Content starts

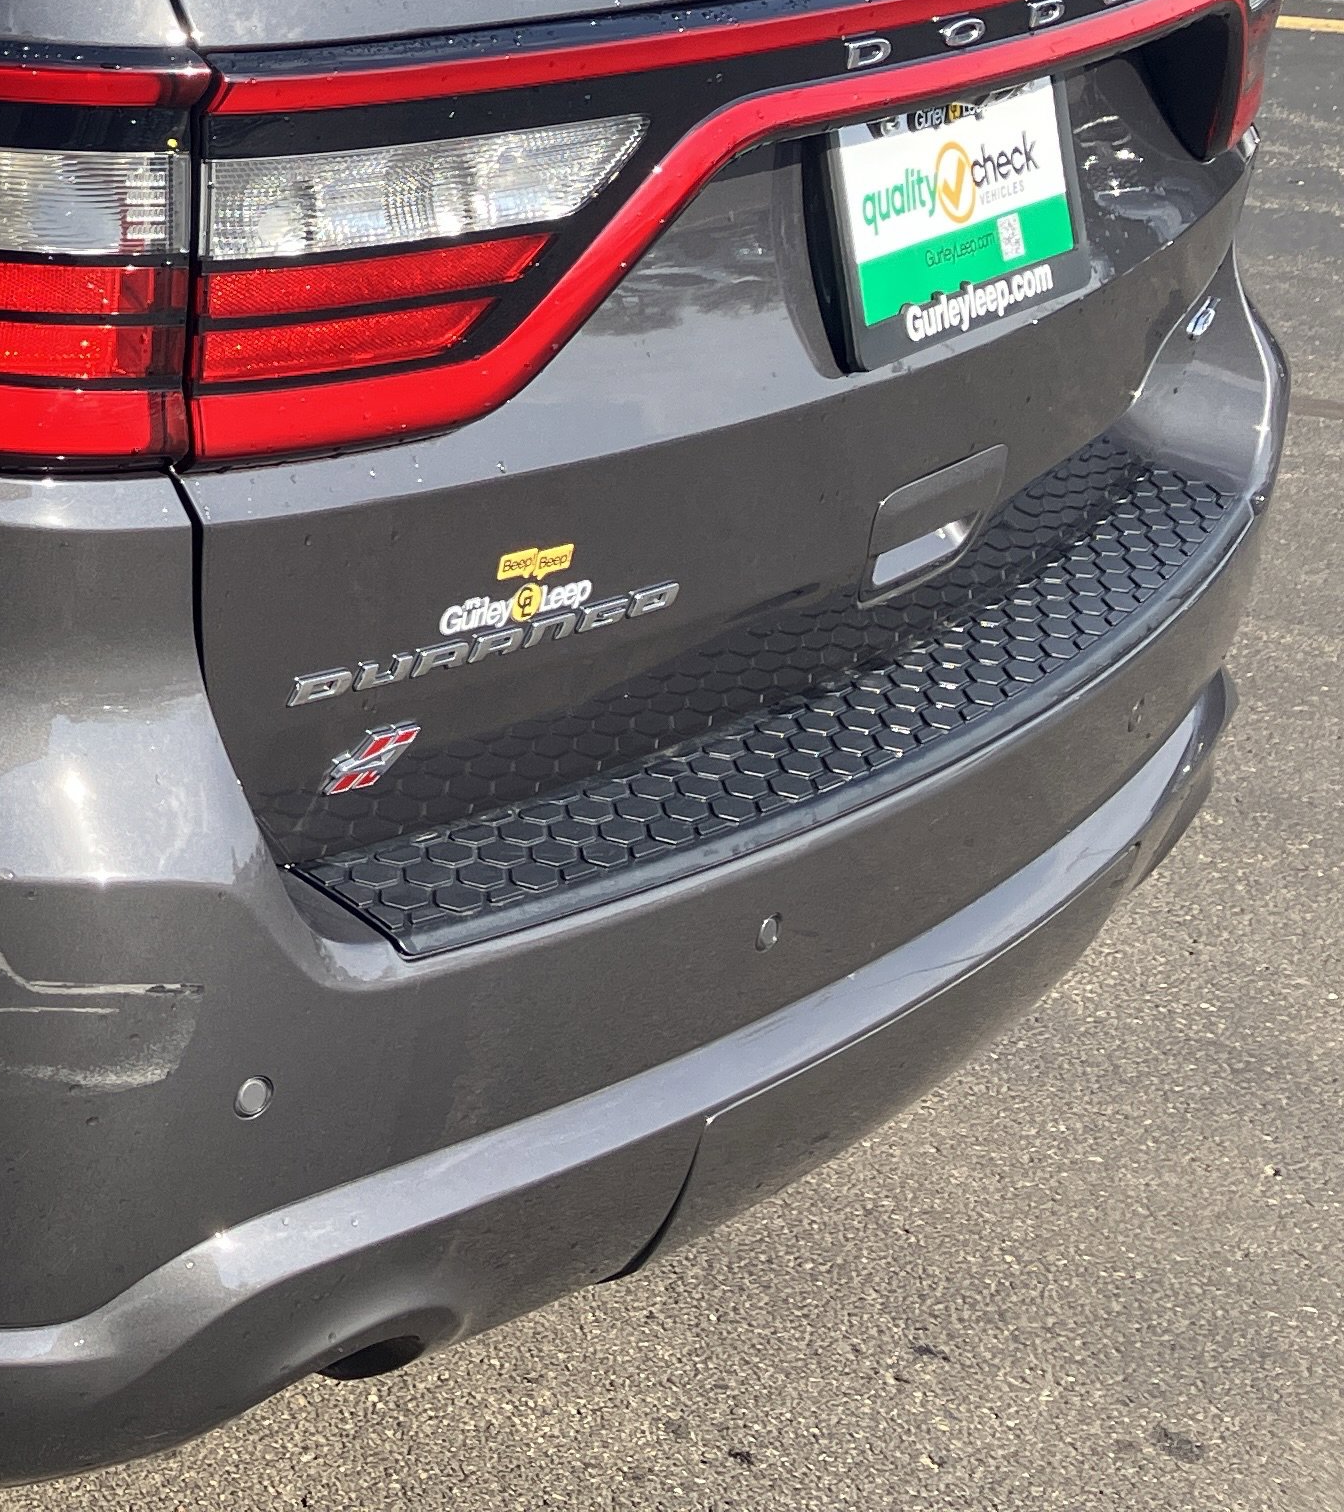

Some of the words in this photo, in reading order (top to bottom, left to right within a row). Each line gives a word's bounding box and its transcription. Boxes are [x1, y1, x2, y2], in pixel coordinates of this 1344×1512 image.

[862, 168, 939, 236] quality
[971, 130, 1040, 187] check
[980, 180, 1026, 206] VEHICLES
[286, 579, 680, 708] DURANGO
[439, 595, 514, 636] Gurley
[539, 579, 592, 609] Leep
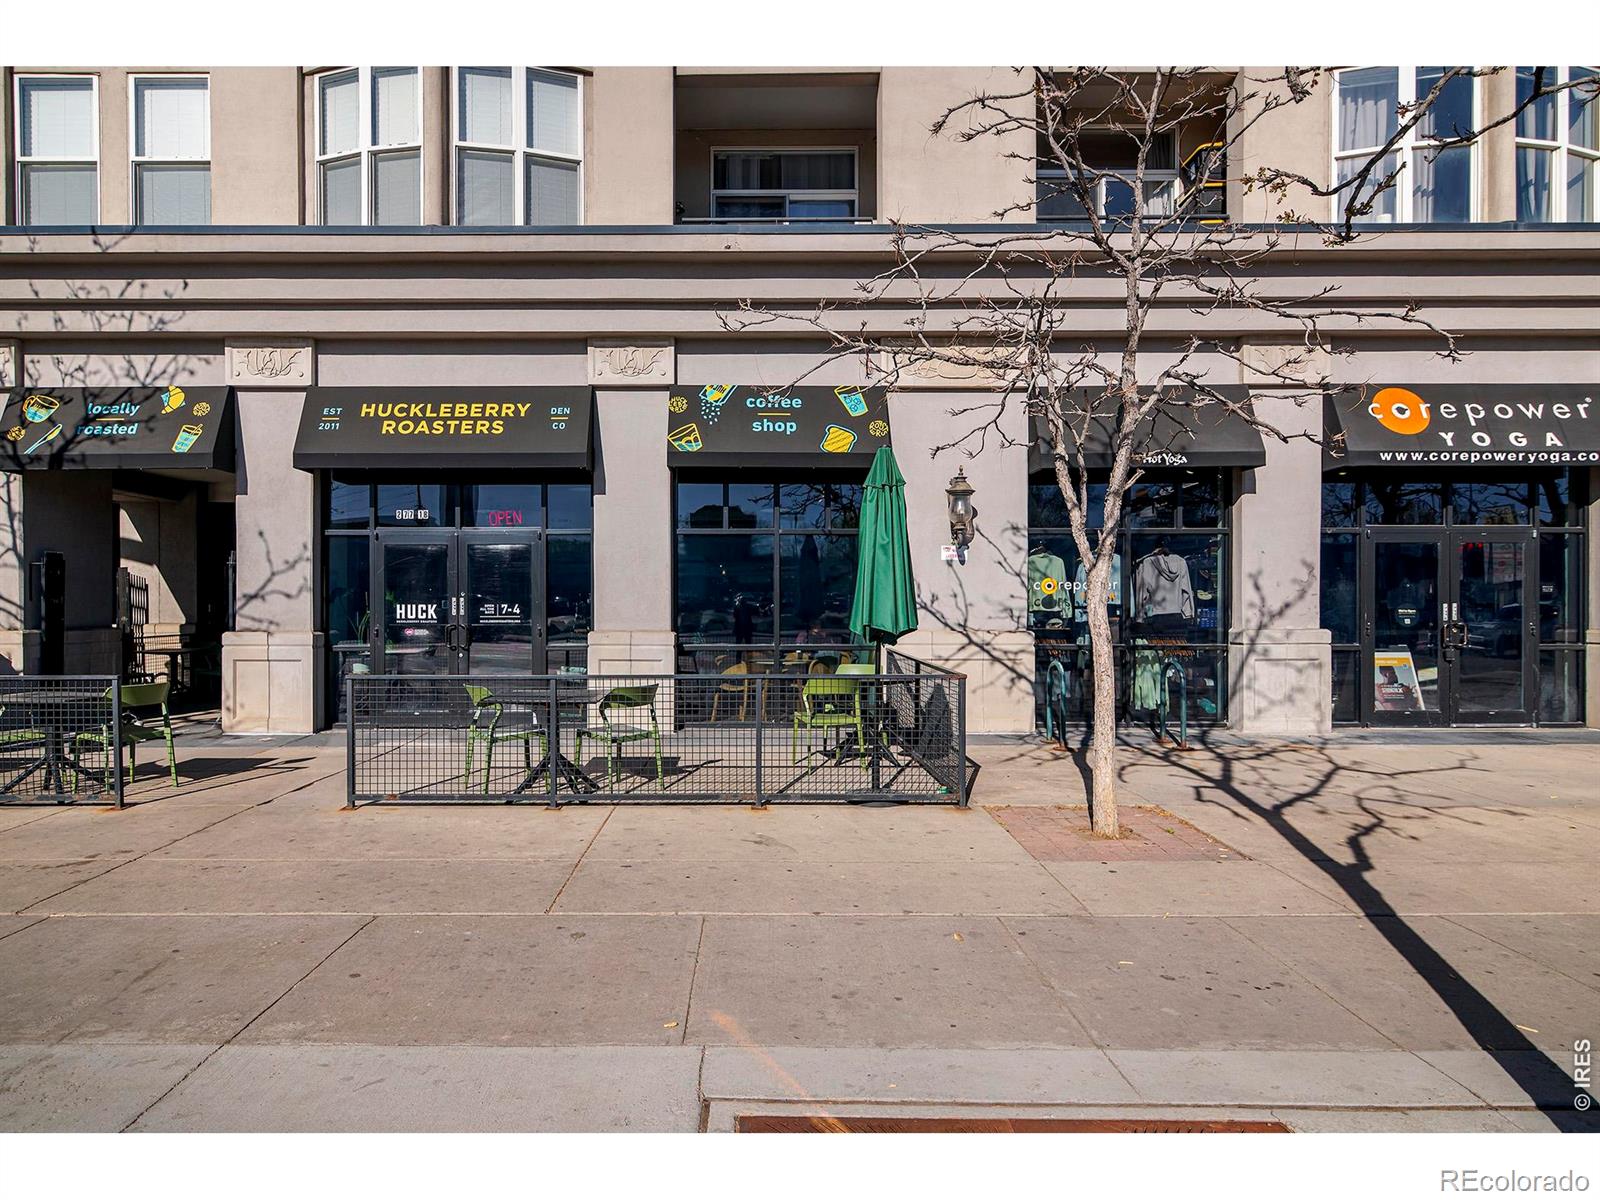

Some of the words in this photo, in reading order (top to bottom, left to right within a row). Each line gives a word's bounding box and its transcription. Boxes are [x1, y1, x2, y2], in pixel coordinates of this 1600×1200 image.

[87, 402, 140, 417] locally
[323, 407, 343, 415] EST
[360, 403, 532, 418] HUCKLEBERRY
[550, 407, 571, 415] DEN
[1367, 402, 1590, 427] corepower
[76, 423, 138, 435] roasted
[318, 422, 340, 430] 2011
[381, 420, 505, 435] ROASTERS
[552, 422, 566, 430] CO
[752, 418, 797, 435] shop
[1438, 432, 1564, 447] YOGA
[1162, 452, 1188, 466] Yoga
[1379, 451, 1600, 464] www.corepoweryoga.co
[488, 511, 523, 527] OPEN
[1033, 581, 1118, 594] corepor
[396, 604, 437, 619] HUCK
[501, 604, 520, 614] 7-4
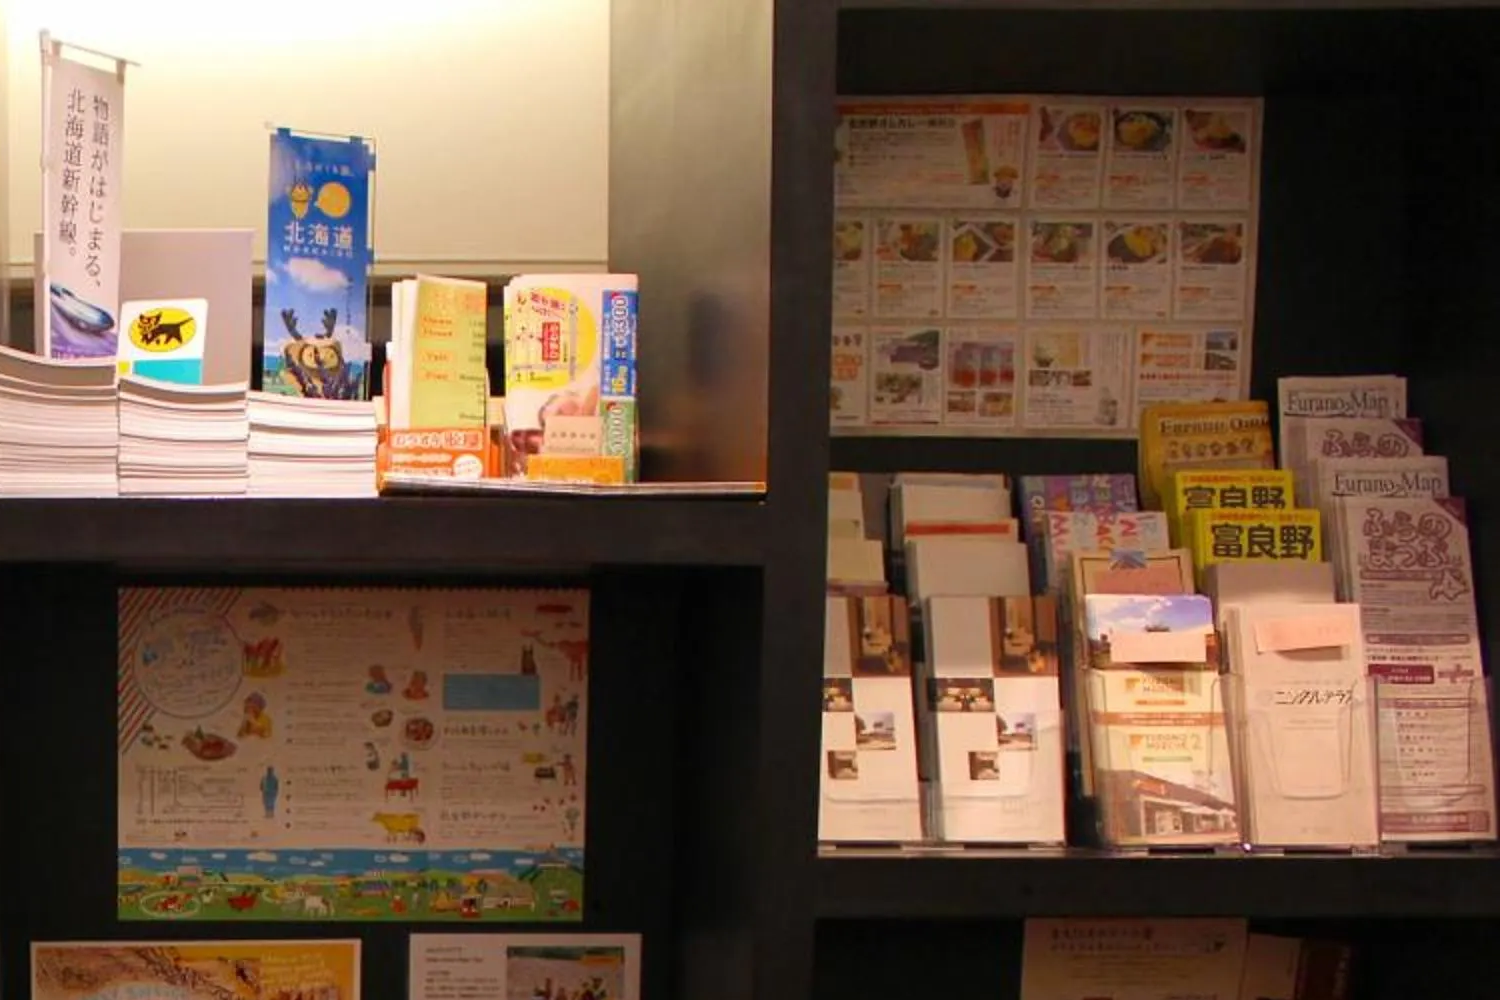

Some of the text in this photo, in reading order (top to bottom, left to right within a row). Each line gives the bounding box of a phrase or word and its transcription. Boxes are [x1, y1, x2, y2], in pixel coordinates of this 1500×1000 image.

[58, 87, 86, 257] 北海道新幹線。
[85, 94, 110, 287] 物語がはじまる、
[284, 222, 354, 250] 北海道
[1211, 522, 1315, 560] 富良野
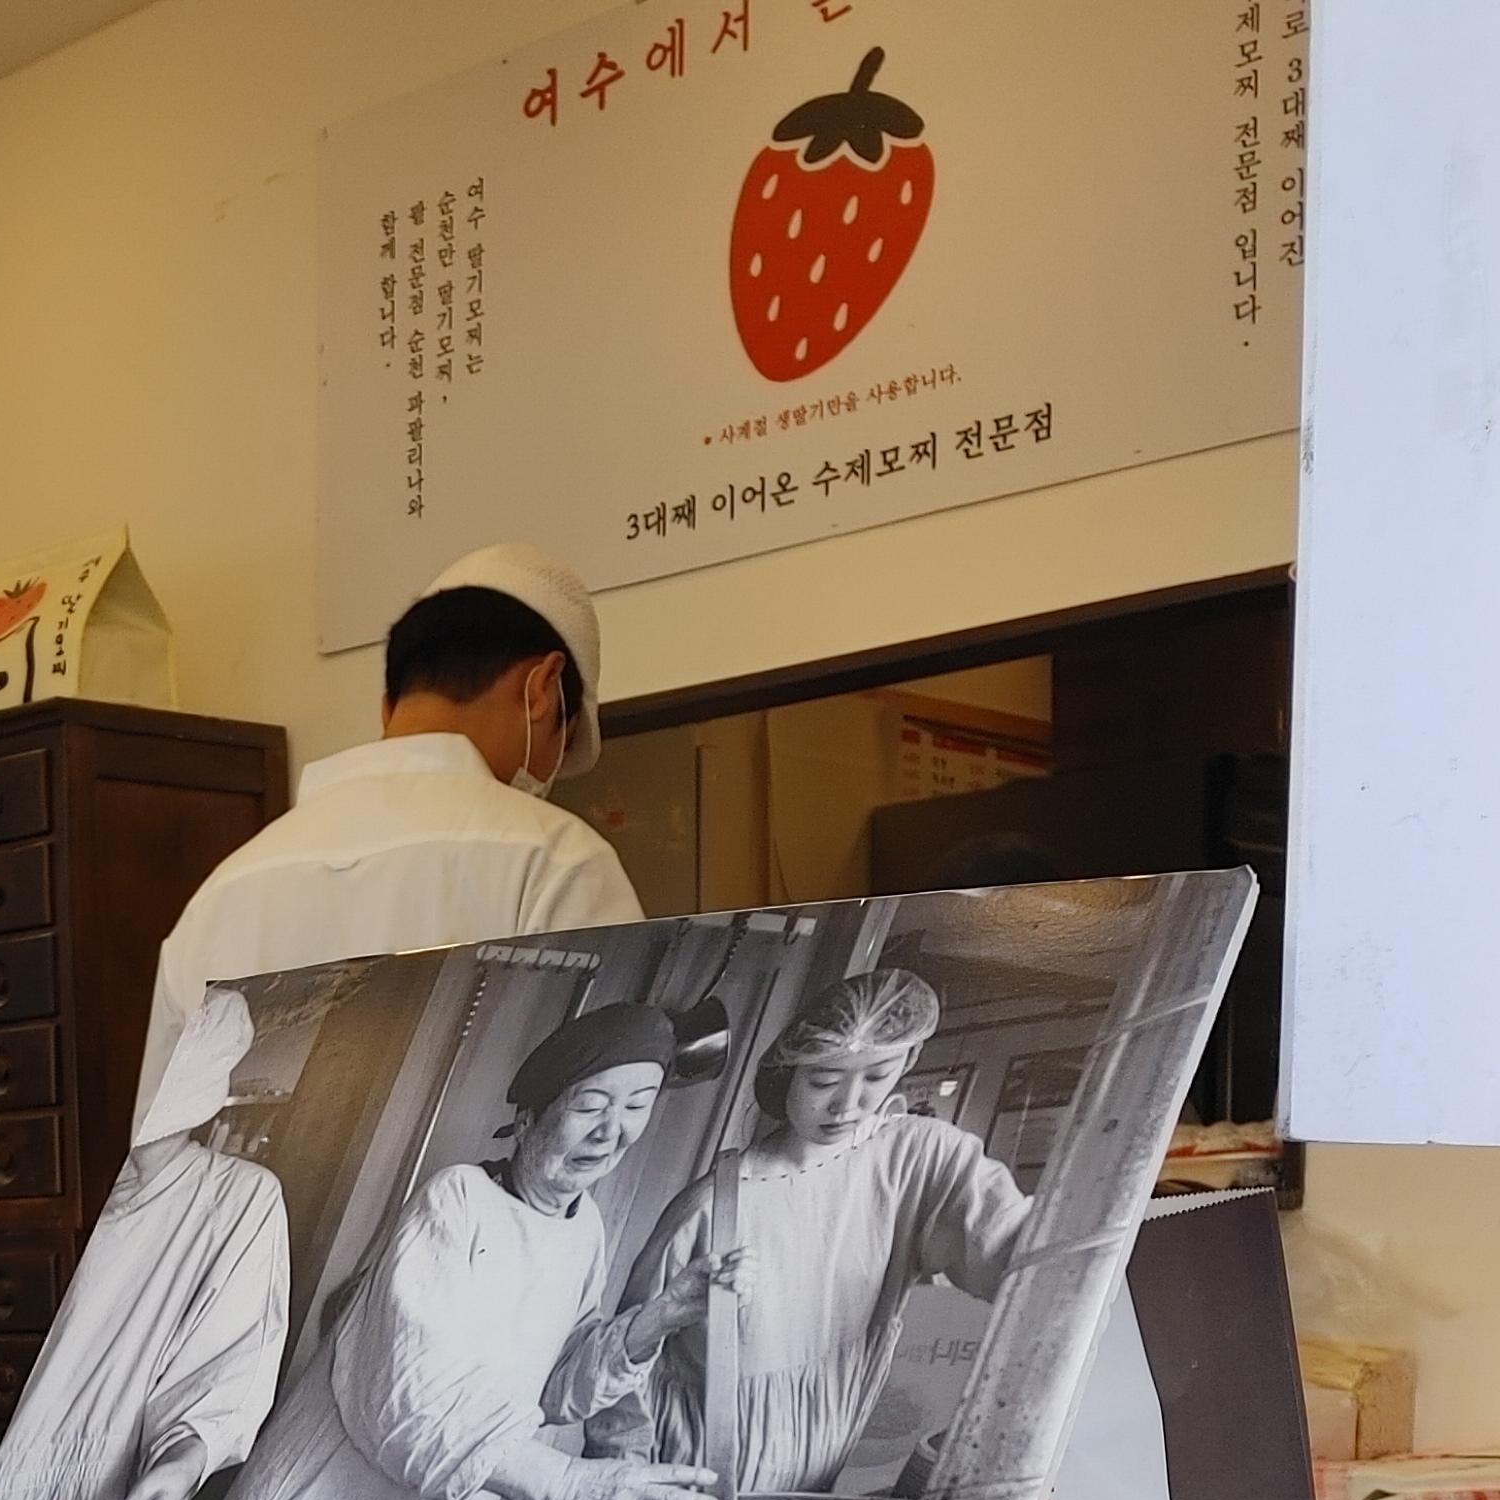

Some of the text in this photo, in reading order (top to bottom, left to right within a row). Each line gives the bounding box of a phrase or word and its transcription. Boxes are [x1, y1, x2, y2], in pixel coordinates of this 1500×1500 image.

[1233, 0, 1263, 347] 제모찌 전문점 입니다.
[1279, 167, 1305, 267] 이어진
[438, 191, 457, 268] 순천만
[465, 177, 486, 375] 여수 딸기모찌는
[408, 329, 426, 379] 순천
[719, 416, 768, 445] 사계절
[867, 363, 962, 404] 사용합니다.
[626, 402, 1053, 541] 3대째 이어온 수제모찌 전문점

Content ends

:: Exercise ::
Copy out the listing word for word and skip its pictures.

:: Answer ::
Some of the words in this photo, in reading order (top to bottom, left to right within a row). Each line gives a word's bounding box and its transcription. Boxes are [x1, y1, x2, y2], in pixel coordinates of this 1344×1512 image.

[862, 168, 939, 236] quality
[971, 130, 1040, 187] check
[980, 180, 1026, 206] VEHICLES
[286, 579, 680, 708] DURANGO
[439, 595, 514, 636] Gurley
[539, 579, 592, 609] Leep

Some of the words in this photo, in reading order (top to bottom, left to right within a row). Each line gives a word's bounding box and its transcription. Boxes are [x1, y1, x2, y2], in pixel coordinates of this 1600×1200 image.

[87, 402, 140, 417] locally
[323, 407, 343, 415] EST
[360, 403, 532, 418] HUCKLEBERRY
[550, 407, 571, 415] DEN
[1367, 402, 1590, 427] corepower
[76, 423, 138, 435] roasted
[318, 422, 340, 430] 2011
[381, 420, 505, 435] ROASTERS
[552, 422, 566, 430] CO
[752, 418, 797, 435] shop
[1438, 432, 1564, 447] YOGA
[1162, 452, 1188, 466] Yoga
[1379, 451, 1600, 464] www.corepoweryoga.co
[488, 511, 523, 527] OPEN
[1033, 581, 1118, 594] corepor
[396, 604, 437, 619] HUCK
[501, 604, 520, 614] 7-4

Some of the text in this photo, in reading order (top to bottom, left to right within a row). Each line gives the bounding box of a phrase or word and its transcription. Boxes are [x1, y1, x2, y2], in pixel coordinates of this 1500×1000 image.

[58, 87, 86, 257] 北海道新幹線。
[85, 94, 110, 287] 物語がはじまる、
[284, 222, 354, 250] 北海道
[1211, 522, 1315, 560] 富良野

Some of the text in this photo, in reading order (top to bottom, left to right within a row). Each line gives the bounding box of a phrase or word and its transcription. Boxes are [x1, y1, x2, y2], in pixel coordinates of this 1500×1500 image.

[1233, 0, 1263, 347] 제모찌 전문점 입니다.
[1279, 167, 1305, 267] 이어진
[438, 191, 457, 268] 순천만
[465, 177, 486, 375] 여수 딸기모찌는
[408, 329, 426, 379] 순천
[719, 416, 768, 445] 사계절
[867, 363, 962, 404] 사용합니다.
[626, 402, 1053, 541] 3대째 이어온 수제모찌 전문점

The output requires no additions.